▶ Your task
An exact copy of the lines from the one containing "this 2048×1536 image." through the final line of the records is the only acceptable answer.

▶ Extracted data
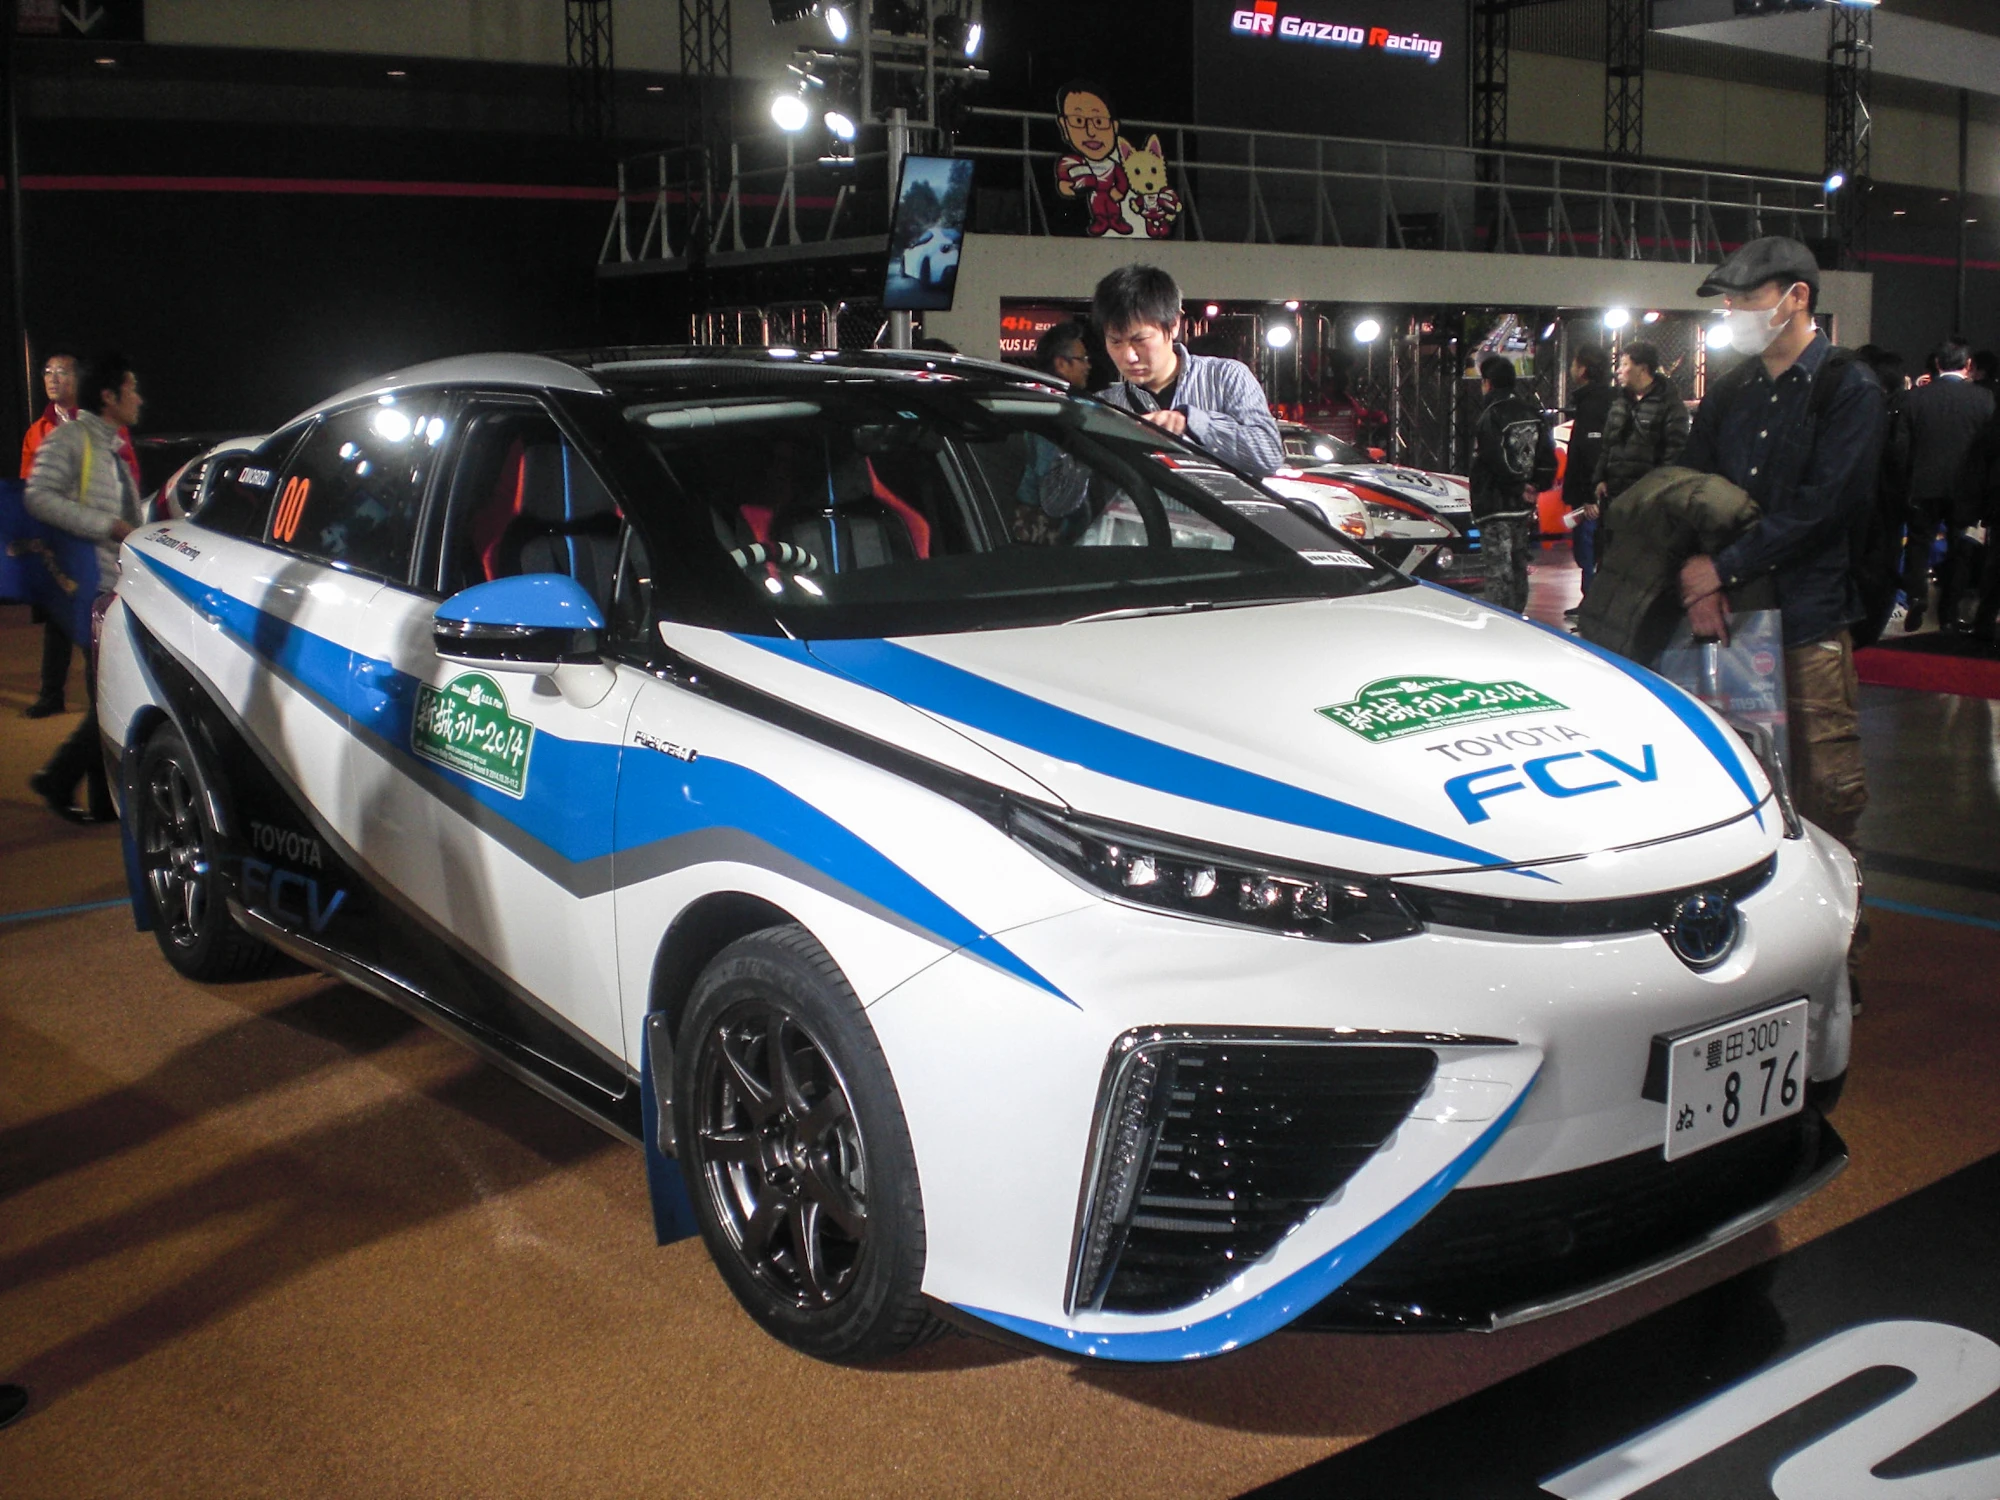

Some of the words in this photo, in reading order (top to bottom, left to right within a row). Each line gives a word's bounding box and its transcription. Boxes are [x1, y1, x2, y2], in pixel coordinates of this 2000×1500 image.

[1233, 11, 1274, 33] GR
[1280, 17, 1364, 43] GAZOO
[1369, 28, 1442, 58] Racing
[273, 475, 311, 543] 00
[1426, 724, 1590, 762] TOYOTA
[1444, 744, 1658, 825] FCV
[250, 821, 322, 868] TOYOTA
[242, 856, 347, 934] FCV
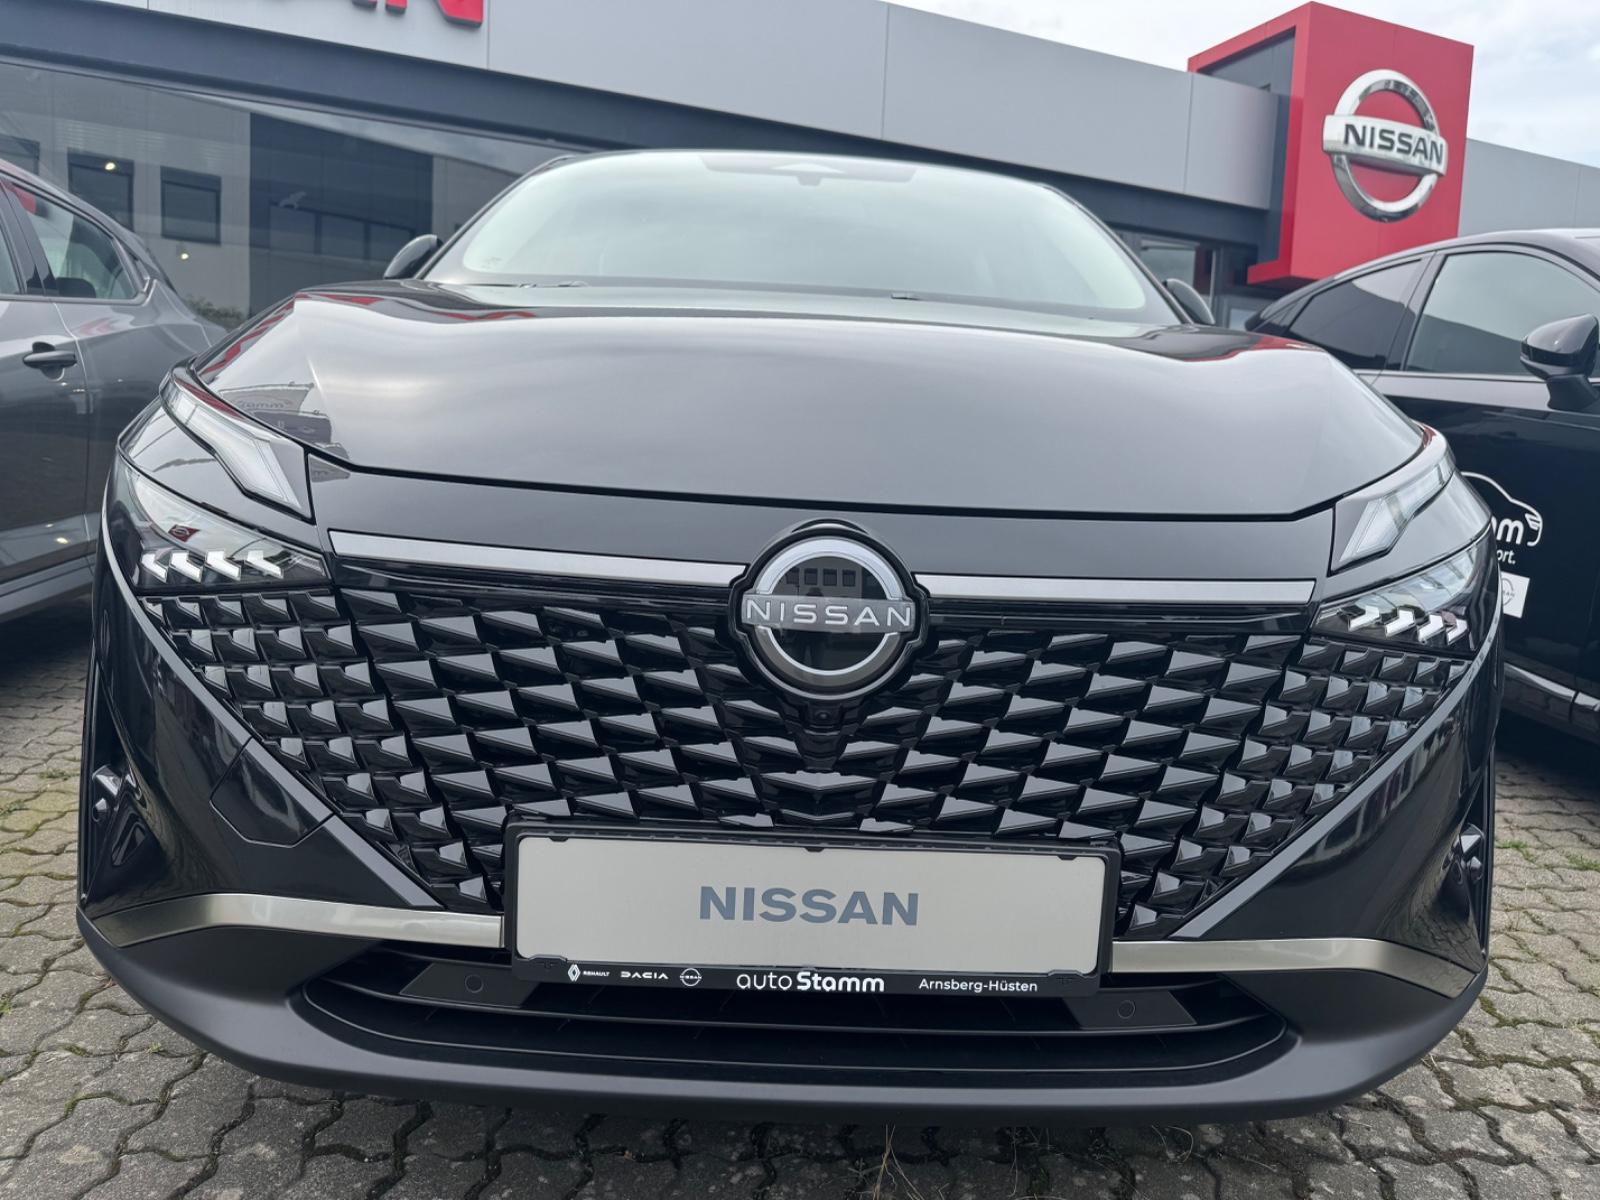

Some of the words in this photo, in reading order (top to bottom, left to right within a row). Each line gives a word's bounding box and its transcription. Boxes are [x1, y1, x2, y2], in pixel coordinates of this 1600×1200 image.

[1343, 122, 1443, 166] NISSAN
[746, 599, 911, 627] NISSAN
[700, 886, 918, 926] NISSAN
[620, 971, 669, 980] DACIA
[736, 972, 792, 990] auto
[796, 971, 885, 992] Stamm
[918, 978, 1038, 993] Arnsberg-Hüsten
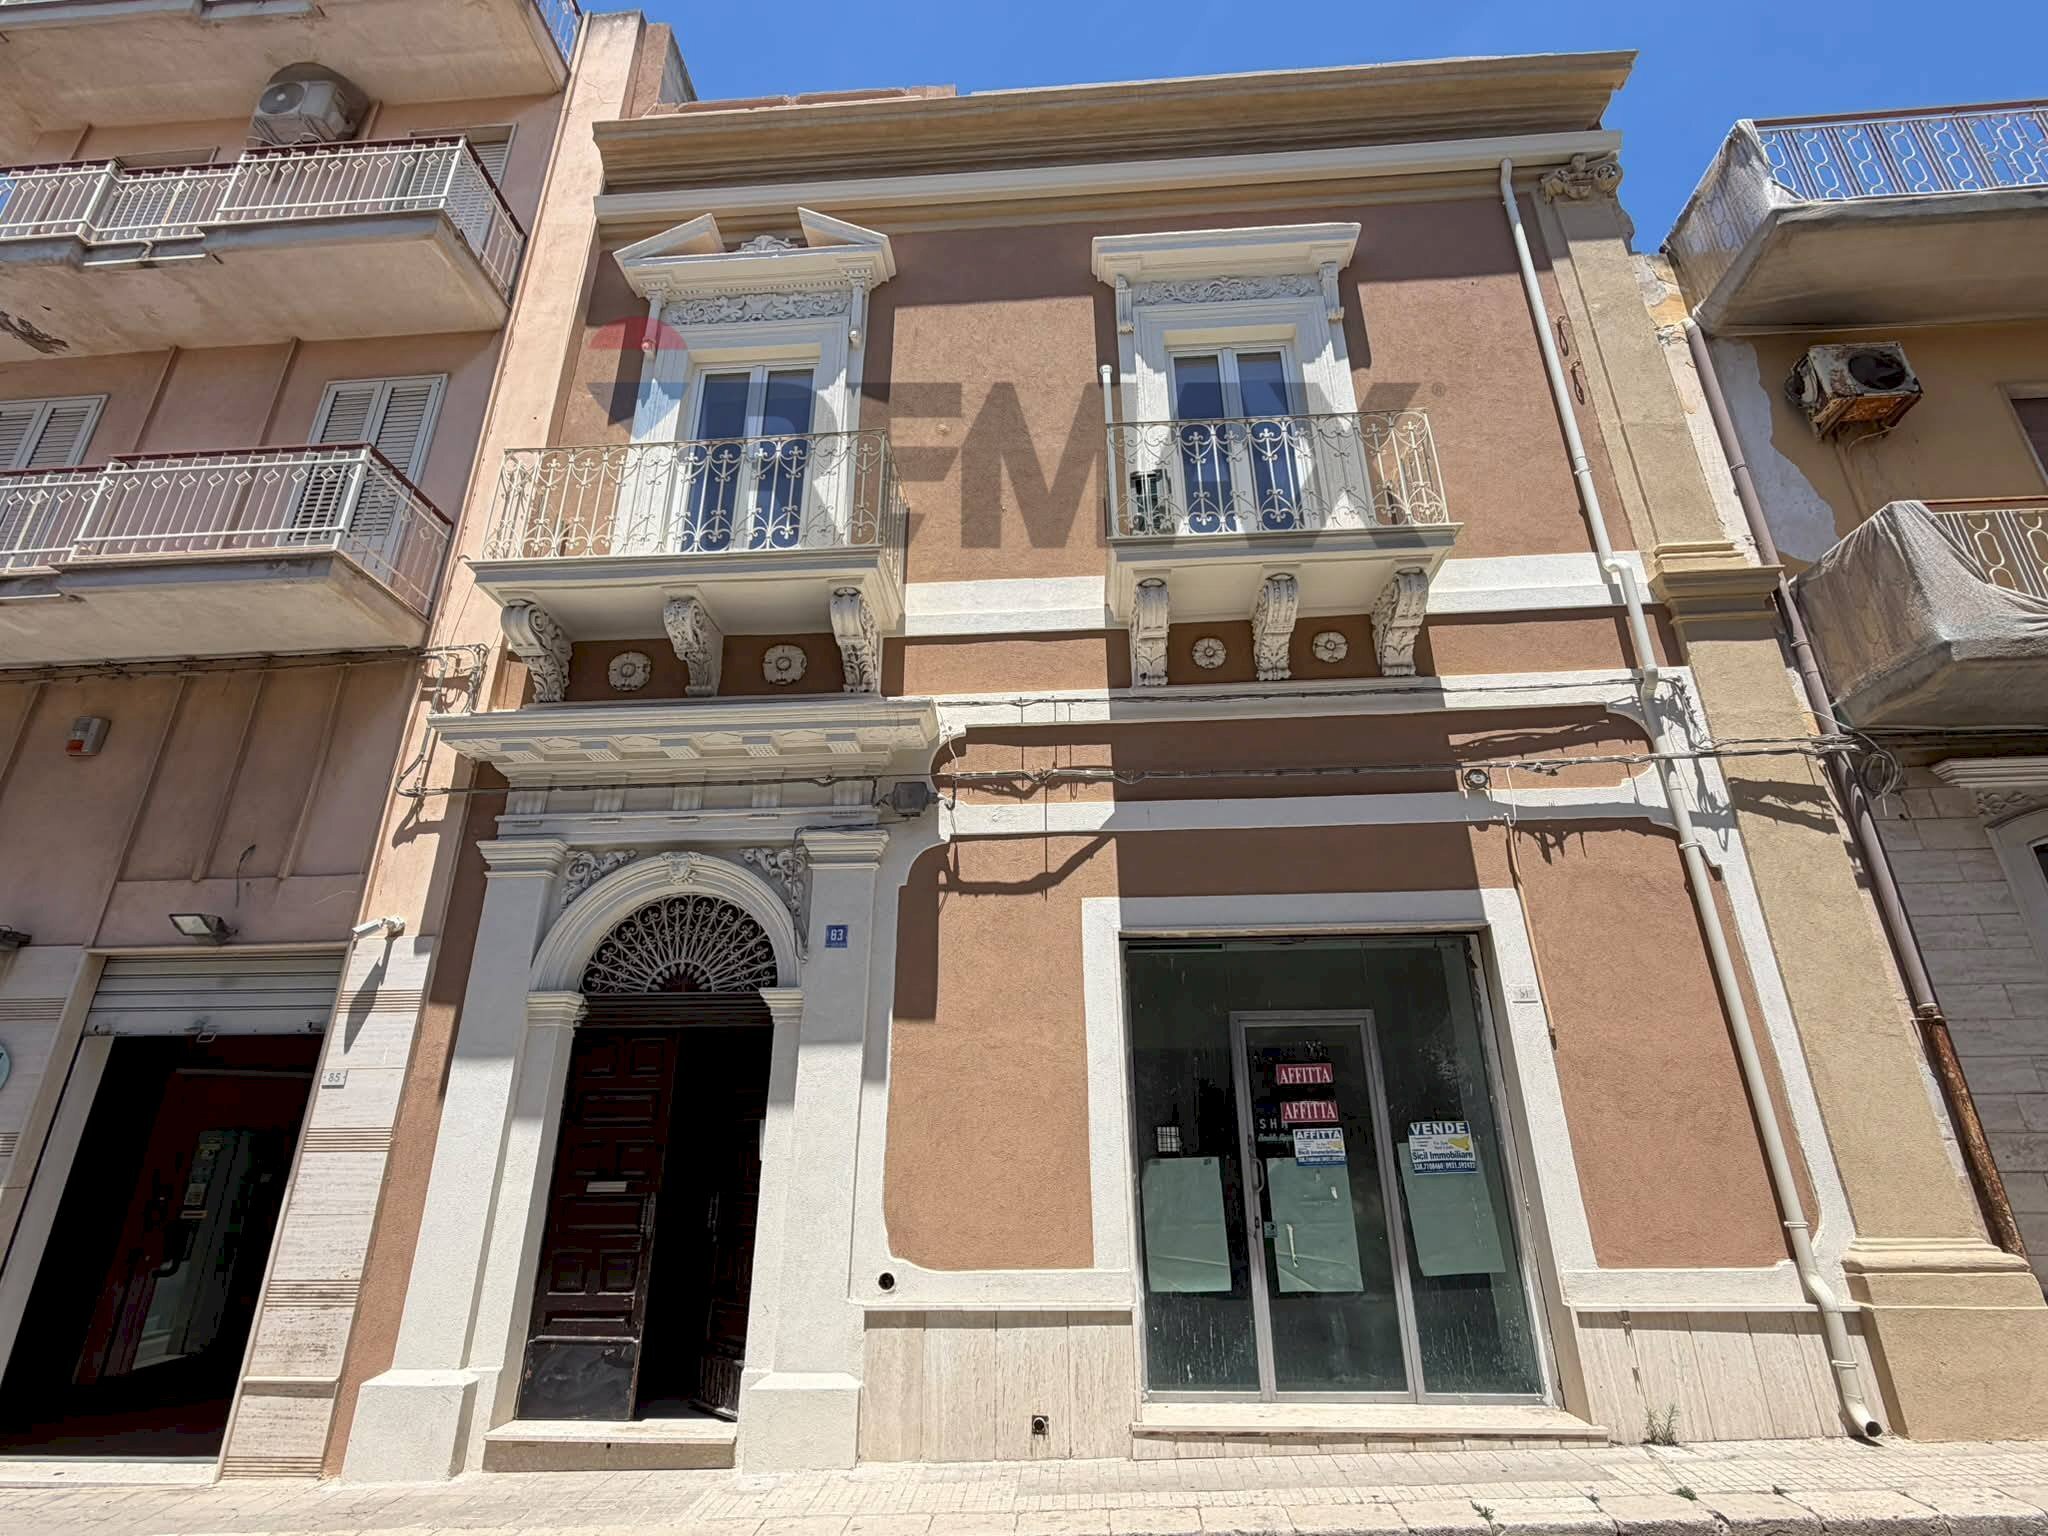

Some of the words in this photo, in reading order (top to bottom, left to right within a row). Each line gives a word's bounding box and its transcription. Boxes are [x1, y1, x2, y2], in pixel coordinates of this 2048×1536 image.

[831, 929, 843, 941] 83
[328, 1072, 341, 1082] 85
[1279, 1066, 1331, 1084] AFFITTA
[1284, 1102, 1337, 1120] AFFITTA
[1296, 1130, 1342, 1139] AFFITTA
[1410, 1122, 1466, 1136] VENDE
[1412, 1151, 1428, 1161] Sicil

▶ Result of this task
Some of the words in this photo, in reading order (top to bottom, left to right within a row). Each line gives a word's bounding box and its transcription. Boxes are [x1, y1, x2, y2], in pixel coordinates of this 2048×1536 image.

[831, 929, 843, 941] 83
[328, 1072, 341, 1082] 85
[1279, 1066, 1331, 1084] AFFITTA
[1284, 1102, 1337, 1120] AFFITTA
[1296, 1130, 1342, 1139] AFFITTA
[1410, 1122, 1466, 1136] VENDE
[1412, 1151, 1428, 1161] Sicil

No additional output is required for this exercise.